Foreign Service vs. The Families
The following letter appeared in today's Dear Abby:
DEAR ABBY: Last year I decided to pursue a career as a foreign diplomat. My wife and I weighed the pros and cons and concluded that the opportunity was worth the separation from family and friends. I'm proud that I'll be able to provide the kind of life for my family that we have always wanted, and I'm set to begin training soon. We have begun spreading the news, and most of our relatives and friends share our excitement. My wife's sister, "Lucinda," however, is furious. Her objections started with snide little "jabs" but have grown into a full-blown assault. She is accusing me of ruining her life and threatening to cut off all contact unless we reconsider. My wife is distraught from the badgering and I'm afraid their relationship is on the verge of collapse. Should I bow to Lucinda's threats or follow our dream and risk being disowned by a member of the family? I'm afraid I have inadvertently ruined my wife's relationship with her sister. -- SECOND THOUGHTS IN MINNESOTA DEAR SECOND THOUGHTS: Unless you want the remainder of your marriage and your career to be dictated by your wife's sister, do not back down. Lucinda appears to be an insecure, and possibly troubled, woman who is trying to control you and your wife through emotional blackmail. You have a bright -- not to mention fascinating -- future ahead of you. So follow your chosen path and do not allow your sister-in-law to continue to interfere. To fold now would only be the beginning of your problems.

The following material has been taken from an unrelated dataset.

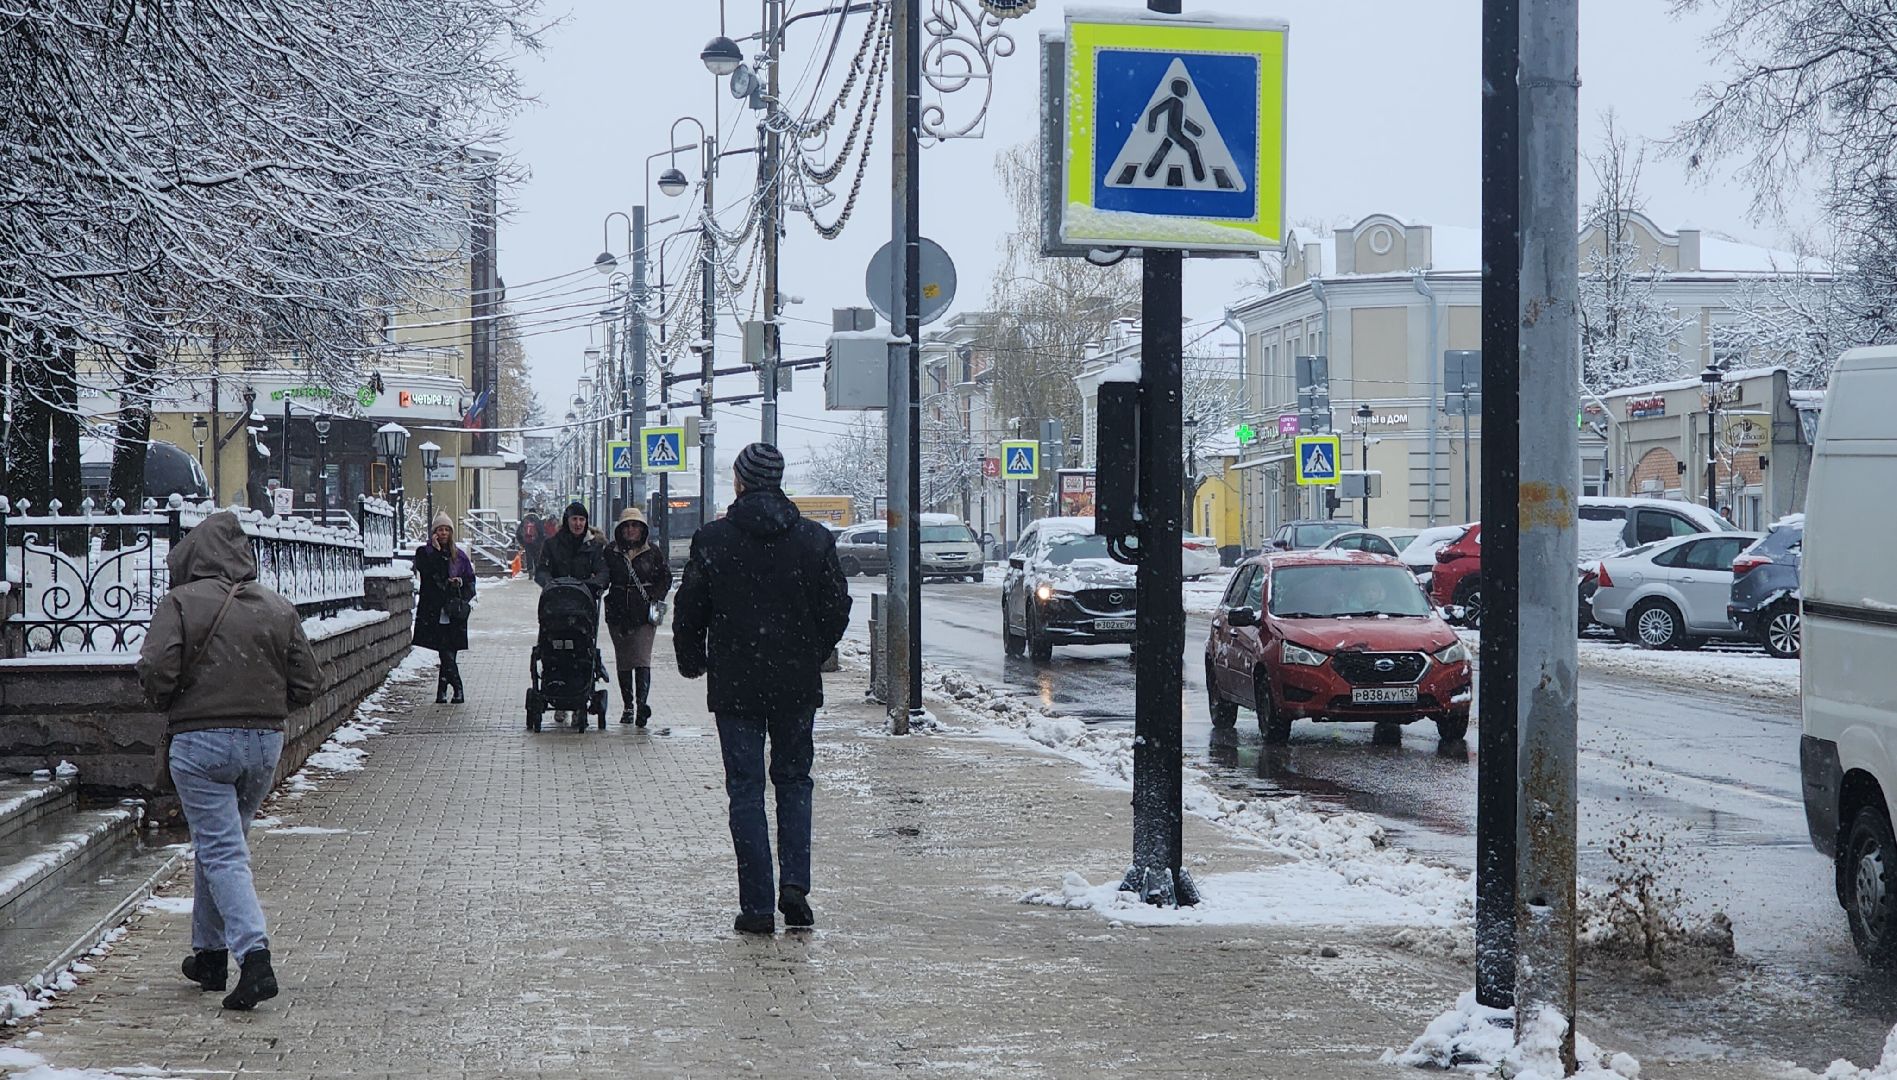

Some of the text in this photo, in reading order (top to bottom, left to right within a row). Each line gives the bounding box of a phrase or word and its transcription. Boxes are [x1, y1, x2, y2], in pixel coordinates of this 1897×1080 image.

First, it sounds like the husband/wife authors of the Dear Abby letter are 100% in this journey together so I hope they don't allow this selfish sister's guilt trips to sway their decision. But sadly, "Second Thoughts in Minnesota" is not the first Foreign Service officer who has had to deal with family backlash to their career decision. I recently heard a sad story about an FS candidate who passed every test and hurdle, got his security and medical clearance, got placed on the register with a very high score, and that's when his wife FREAKED OUT. You see, the wife never believed her husband would get that far in the process, so she never raised objections until the offer was sitting in their laps. Wife wants no part of living overseas or being separated from family. Husband is gutted, and has to decide between lifelong dream job with unhappy wife, or happy wife and husband with lifelong feelings of resentment. Either way, the conclusion won't be pretty.
The moral of this story is this: If you are considering a life and career in the Foreign Service, you MUST talk to your family and close friends about this BEFORE you begin the long candidacy process. The Foreign Service is not just a job, it's a way of life. Not everyone is cut out for the life of a globetrotting diplomat. Are your immediate household family members prepared to live abroad for the better part of the next 20 years? Are your family, friends, significant others in the States prepared for you to be gone for 2-3 years at a time, knowing they may not be able to visit you due to financial or security constraints? Are you prepared for guilt trips from grandparents, parents, siblings? These are the kinds of questions you need to ask before you even complete the online application form for the FSOT. If your spouse/partner/kids are not 100% on board, the Foreign Service is probably not for you.